14  GPU versions of QW-Simulator

Despite very fast progress in electromagnetic simulation software and hardware, the speed of simulations remains a crucial problem. We are in a situation of a never-ending demand. Faster simulations encourage engineers and researchers to try more complicated simulation scenarios and then put more pressure on speed requirements. The history of computer hardware of the last decade shows that there are limited possibilities of speeding up computer clocks. Instead, computer systems are evolving towards more complicated architectures and, in particular, to multi-processor and multi-core solutions.

Massively parallel computers were originally developed for specially demanding scientific tasks. They were very expensive and thus not widely accessible to engineers. Subsequently, market forces helped find a more economical solution for massive parallel architectures. The demand for very fast processing required in video games led to the development of graphic cards (GPUs) of massively parallel architecture. That multi-billion-dollar market drove the progress so fast that engineers started to envy their kids. They found that GPU processors could, in many cases, serve them better than even the most modern CPUs. Such a situation led to spontaneous efforts by many companies to develop their own simulation codes destined for specific graphic cards. On the other hand, there was also a constant progress in multi-processor CPUs. Multiprocessor CPUs entered the personal computer market and fast progress is also expected in this field.

It is hard to predict whether CPU or GPU solutions will win the race. This stimulates a quest for setting up a standard language for cross platform programming, suitable for massively parallel processing units in general, including both massively parallel CPUs and massively parallel GPUs. The language has been called Open Computing Language (OpenCL, http://www.khronos.org/opencl/). OpenCL is designed to highly improve speed and responsiveness of computer applications. OpenCL is not associated with specific computer hardware or specific market solutions. From this point of view, an OpenCL code is prepared for present as well as future computer hardware solutions.

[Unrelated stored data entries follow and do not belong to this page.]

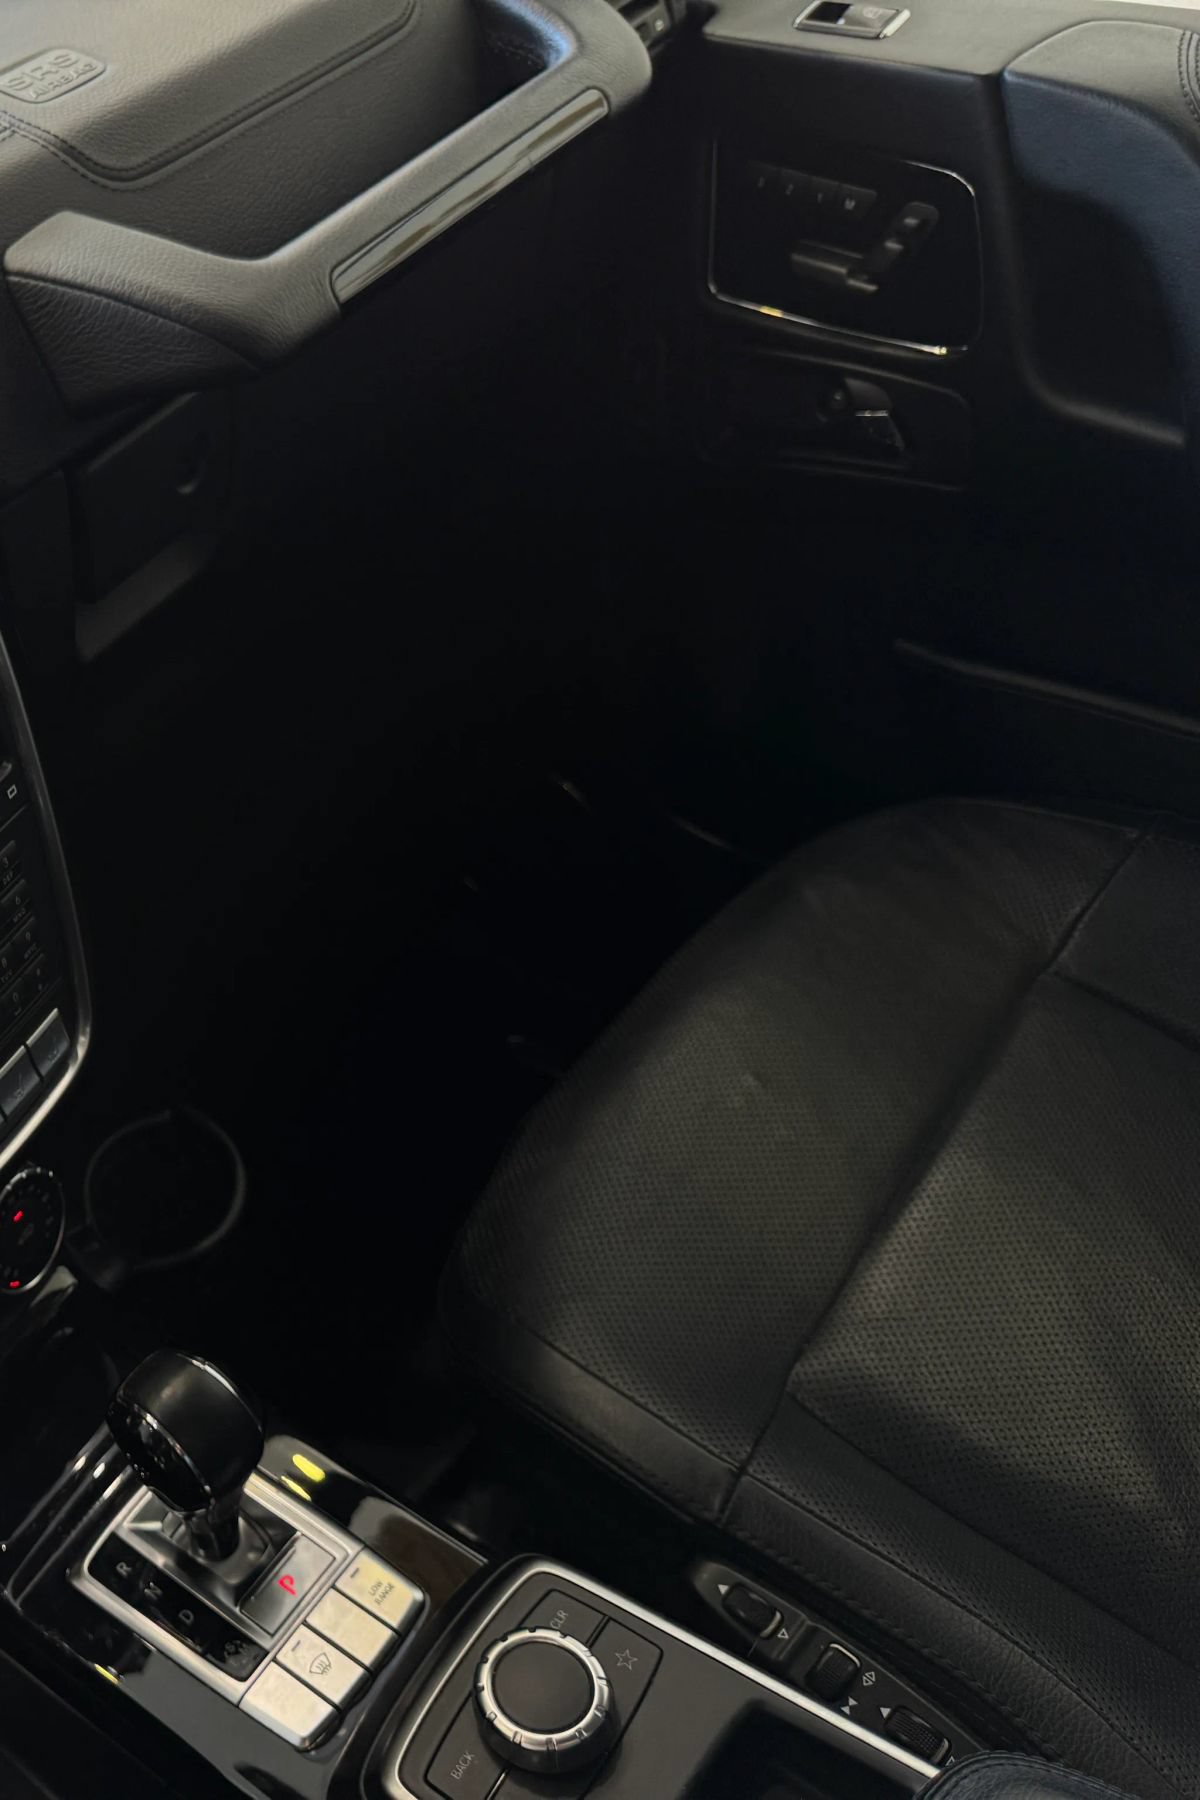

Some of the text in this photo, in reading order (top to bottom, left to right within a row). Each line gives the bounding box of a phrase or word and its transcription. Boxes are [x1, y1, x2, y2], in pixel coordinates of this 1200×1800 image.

[4, 54, 80, 91] SRS
[116, 1562, 132, 1578] R
[144, 1582, 163, 1600] N
[278, 1574, 297, 1595] P
[178, 1610, 194, 1626] D
[550, 1610, 568, 1630] CLR
[450, 1752, 475, 1780] BACK

QW-Simulator GPU is a version of QW-Simulator designated for massive parallel computing hardware. It incorporates parts of QW-Simulator code re-written by QWED in OpenCL.

QW-Simulator MultiGPU is a version of QW-Simulator designated for multiple massive parallel computing hardware. It allows running single simulation on multiple GPU devices.

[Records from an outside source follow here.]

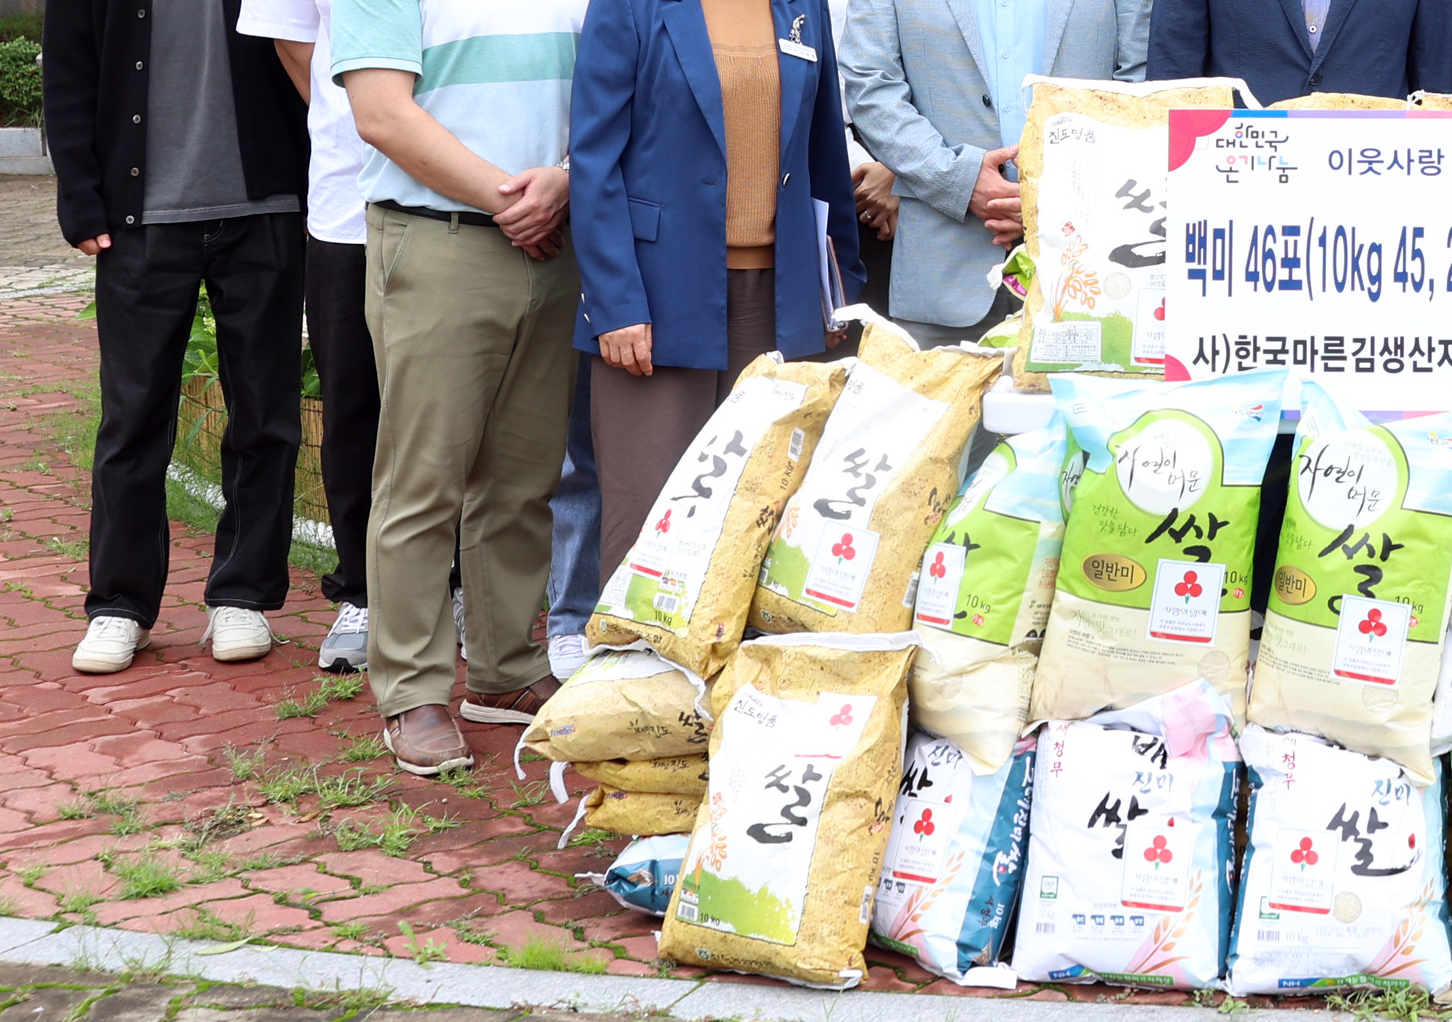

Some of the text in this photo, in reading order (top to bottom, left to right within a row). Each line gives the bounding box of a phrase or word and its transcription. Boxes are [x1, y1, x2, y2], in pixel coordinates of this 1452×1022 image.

[1048, 127, 1097, 144] 진도명품
[1216, 123, 1289, 152] 대한민국
[1216, 155, 1298, 184] 온기나눔
[1328, 148, 1445, 176] 이웃사랑
[1186, 219, 1233, 297] 백미
[1245, 217, 1382, 303] 46포(10kg
[1394, 225, 1434, 302] 45,
[1114, 445, 1176, 492] 자연이
[1299, 444, 1364, 504] 자연이
[813, 447, 893, 520] 쌀
[1347, 488, 1382, 517] 머문
[1091, 559, 1135, 585] 일반미
[1224, 571, 1238, 584] 10
[1278, 569, 1307, 599] 일반미
[1317, 524, 1405, 616] 쌀
[965, 594, 992, 615] 10 kg
[733, 698, 777, 727] 진도명품
[1050, 723, 1070, 778] 새청무
[1132, 771, 1174, 794] 진미
[1371, 779, 1411, 806] 진미
[746, 764, 822, 844] 쌀
[1087, 791, 1149, 859] 쌀
[1326, 802, 1422, 877] 쌀
[664, 874, 674, 885] 10
[995, 903, 1005, 915] 10

In 2018 the most efficient OpenCL platform are GPU accelerators with processing power of about 15 TFlops and memory bandwidth of about 900 GB/s. The number of stream processors in one GPU unit exceeds 5000.

From the application point of view, a GPU can be treated as a computational coprocessor. QW-GPUSim run on contemporary GPUs provides two major advantages. The first aspect is its massive parallelisation, in a sense that different FDTD cells are calculated by different threads and in different processing units, at the same time. The other aspect is a very fast access to local memory resulting in a very large memory bandwidth.

From the user's point of view, operation of a software package programmed in OpenCL is practically the same as of a classically programmed code. However, the user should be aware that not all the functions are ported to OpenGL. It would not be desirable for at least two reasons:

 

QW-Simulator GPU and QW-Simulator MultiGPU are currently optimised for application on modern PC graphic cards of a massively parallel architecture. For the above reasons, only the parts of the code judged crucial to the speed of processing have been ported to OpenCL. Other parts are still executed on CPU. Such a scheme of operation may sometimes require a transfer of large amounts of data between the CPU and graphic card memories, which requires some additional time. Thus the gain in speed with respect to a regular CPU version depends on the actually simulated scenario and the required postprocessings.

QWED has made an extensive effort to provide the code providing the best possible speedups for most practical scenarios. We cannot exclude that in some specific scenarios the speedup may be smaller than for the typical ones exemplified in Section GL 3. We encourage QW-3D users to report such cases to QWED. We will take those observations into account when preparing consecutive QW-Simulator GPU and QW-Simulator MultiGPU versions.